▶ WORK REQUIRED:
Keep the images out and copy every entry below exactly.

Phrase grounding data:
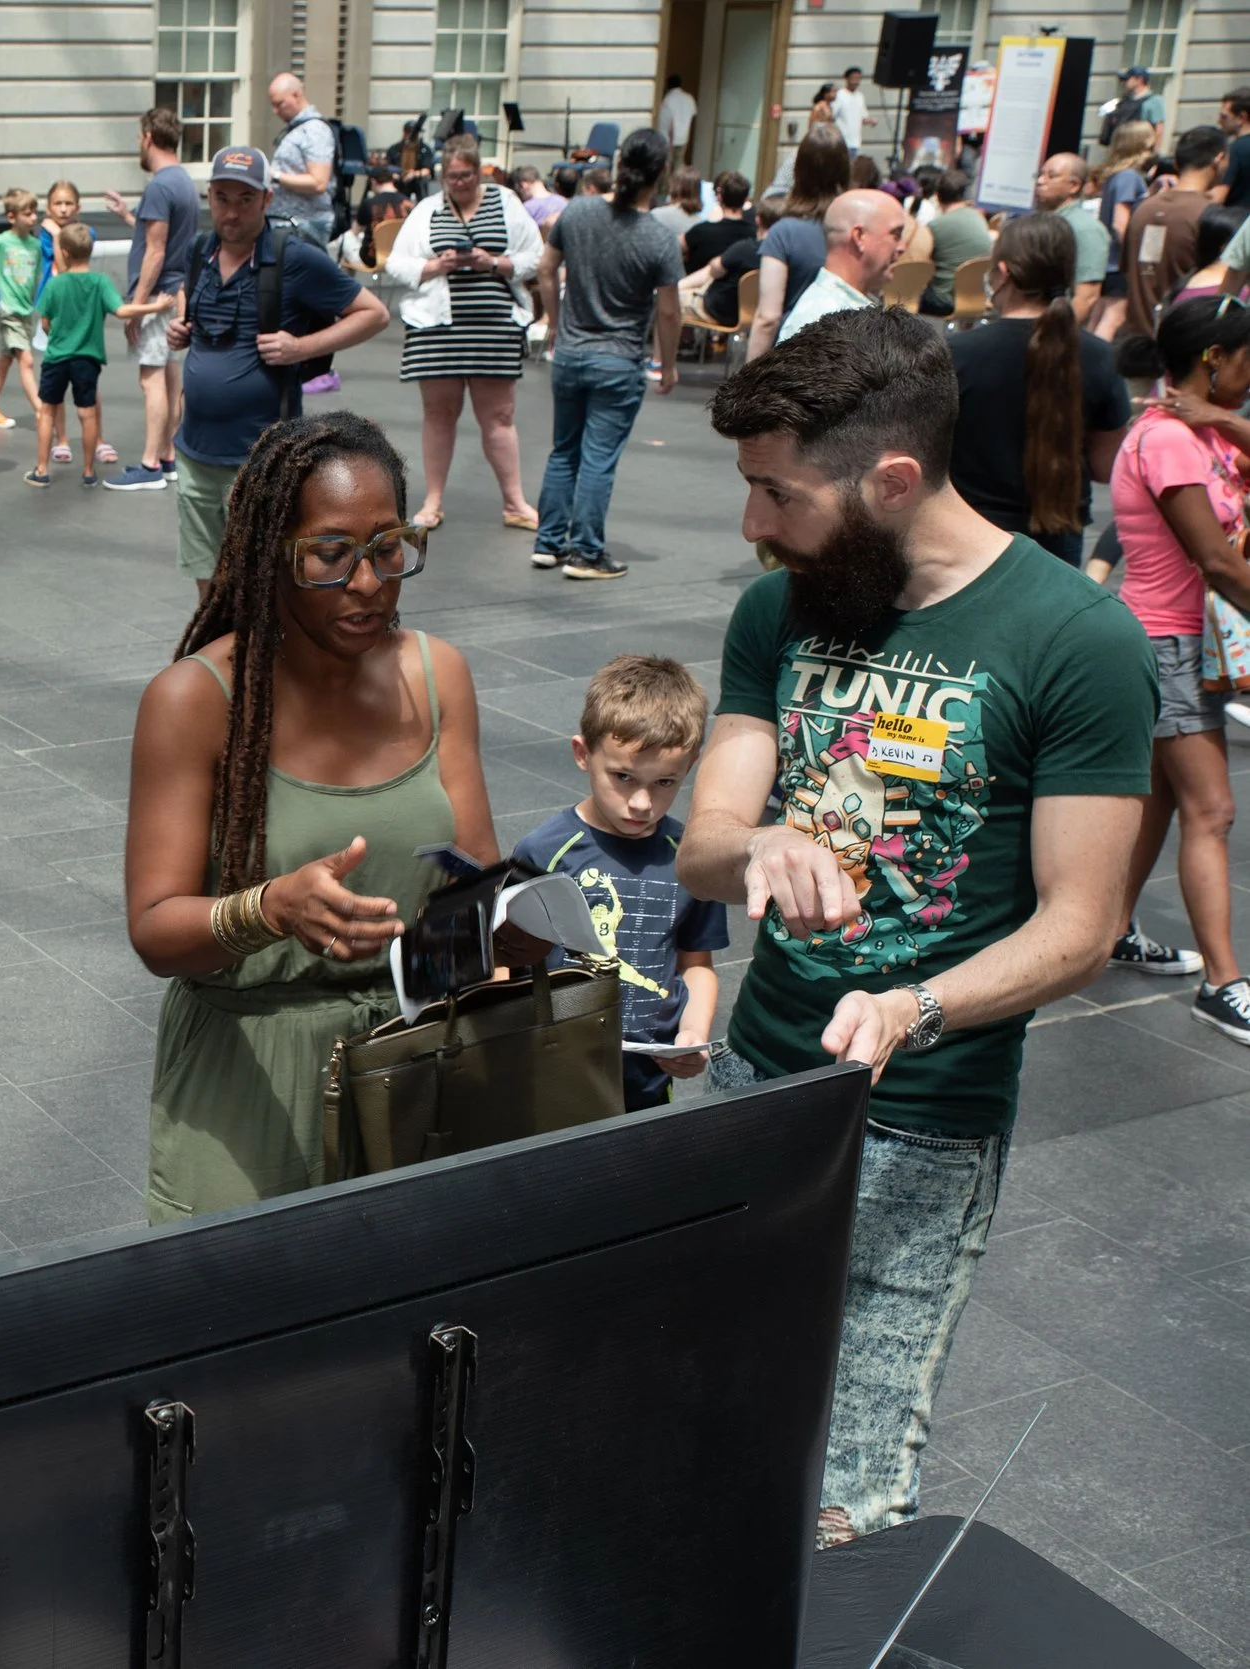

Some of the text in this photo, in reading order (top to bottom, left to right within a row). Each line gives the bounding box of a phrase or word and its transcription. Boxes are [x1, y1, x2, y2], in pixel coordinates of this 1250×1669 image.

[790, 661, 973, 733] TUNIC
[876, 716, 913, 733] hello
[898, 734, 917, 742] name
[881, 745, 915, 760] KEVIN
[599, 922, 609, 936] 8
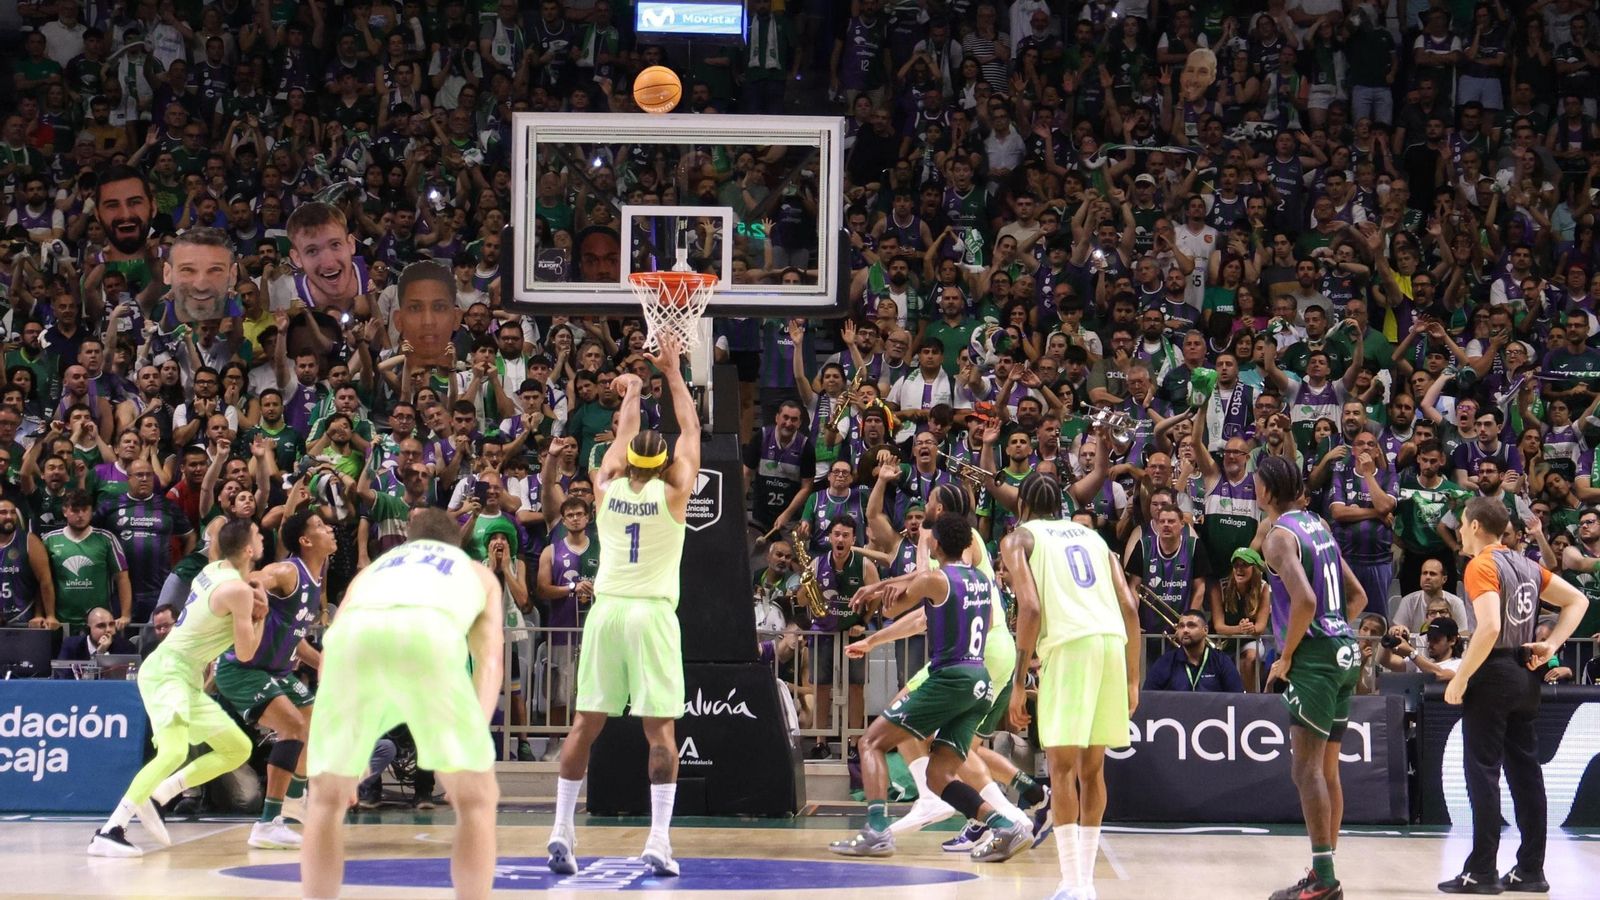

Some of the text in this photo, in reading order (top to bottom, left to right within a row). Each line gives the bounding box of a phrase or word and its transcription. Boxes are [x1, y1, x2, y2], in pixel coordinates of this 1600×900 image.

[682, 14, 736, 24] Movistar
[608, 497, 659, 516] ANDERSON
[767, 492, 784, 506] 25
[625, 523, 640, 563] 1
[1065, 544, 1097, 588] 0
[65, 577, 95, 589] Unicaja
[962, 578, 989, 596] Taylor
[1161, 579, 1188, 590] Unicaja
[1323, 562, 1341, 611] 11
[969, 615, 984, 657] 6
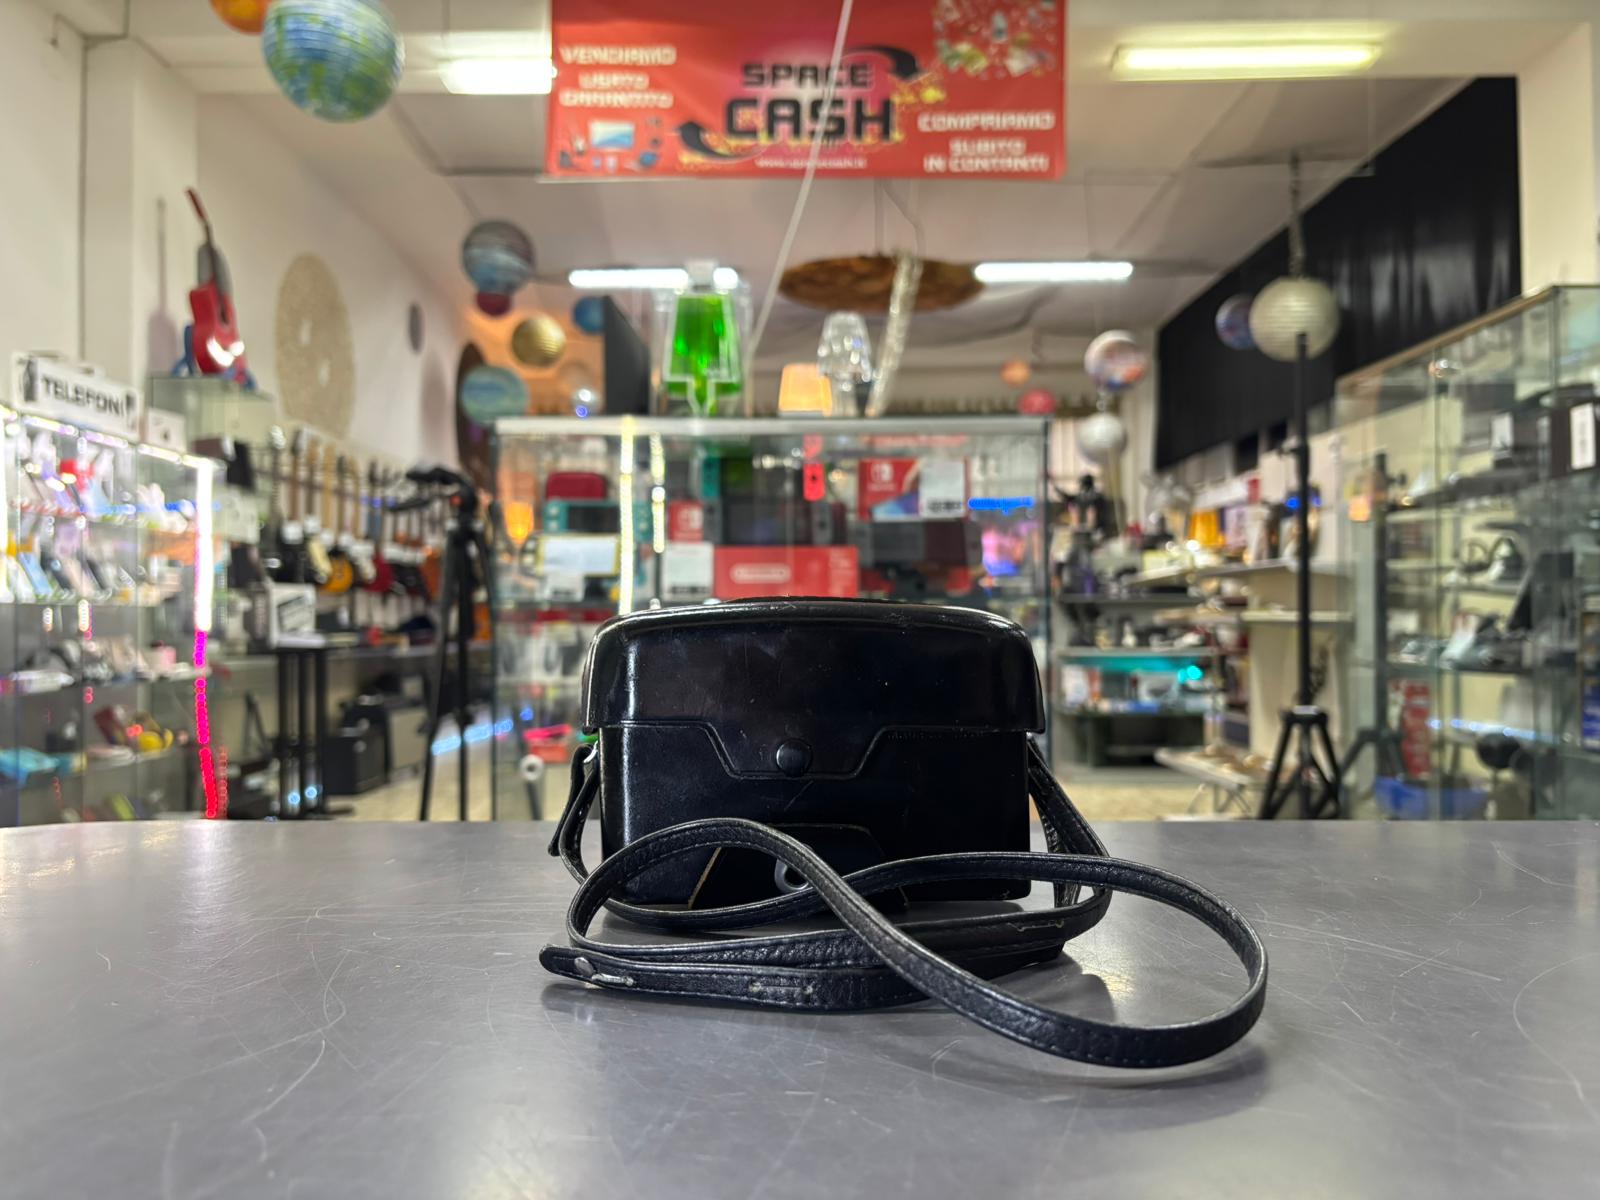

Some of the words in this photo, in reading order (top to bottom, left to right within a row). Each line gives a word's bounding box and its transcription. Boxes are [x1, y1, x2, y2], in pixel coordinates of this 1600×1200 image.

▶ REPLY TO THE TASK:
Some of the text in this photo, in reading order (top to bottom, left to right within a row). Each line gives the bounding box of a phrase or word and its transcription. Boxes are [x1, y1, x2, y2], in pixel coordinates of this 1250×1669 image.

[790, 661, 973, 733] TUNIC
[876, 716, 913, 733] hello
[898, 734, 917, 742] name
[881, 745, 915, 760] KEVIN
[599, 922, 609, 936] 8

Some of the text in this photo, in reading order (top to bottom, left to right within a row). Each line gives the bounding box of a phrase or word and its transcription. Boxes are [x1, y1, x2, y2], in pixel coordinates of this 1600×900 image.

[682, 14, 736, 24] Movistar
[608, 497, 659, 516] ANDERSON
[767, 492, 784, 506] 25
[625, 523, 640, 563] 1
[1065, 544, 1097, 588] 0
[65, 577, 95, 589] Unicaja
[962, 578, 989, 596] Taylor
[1161, 579, 1188, 590] Unicaja
[1323, 562, 1341, 611] 11
[969, 615, 984, 657] 6

Some of the words in this photo, in reading order (top to bottom, left to right within a row). Each line gives a word's bounding box and its transcription. Boxes are [x1, y1, x2, y2], in pixel coordinates of this 1600×1200 image.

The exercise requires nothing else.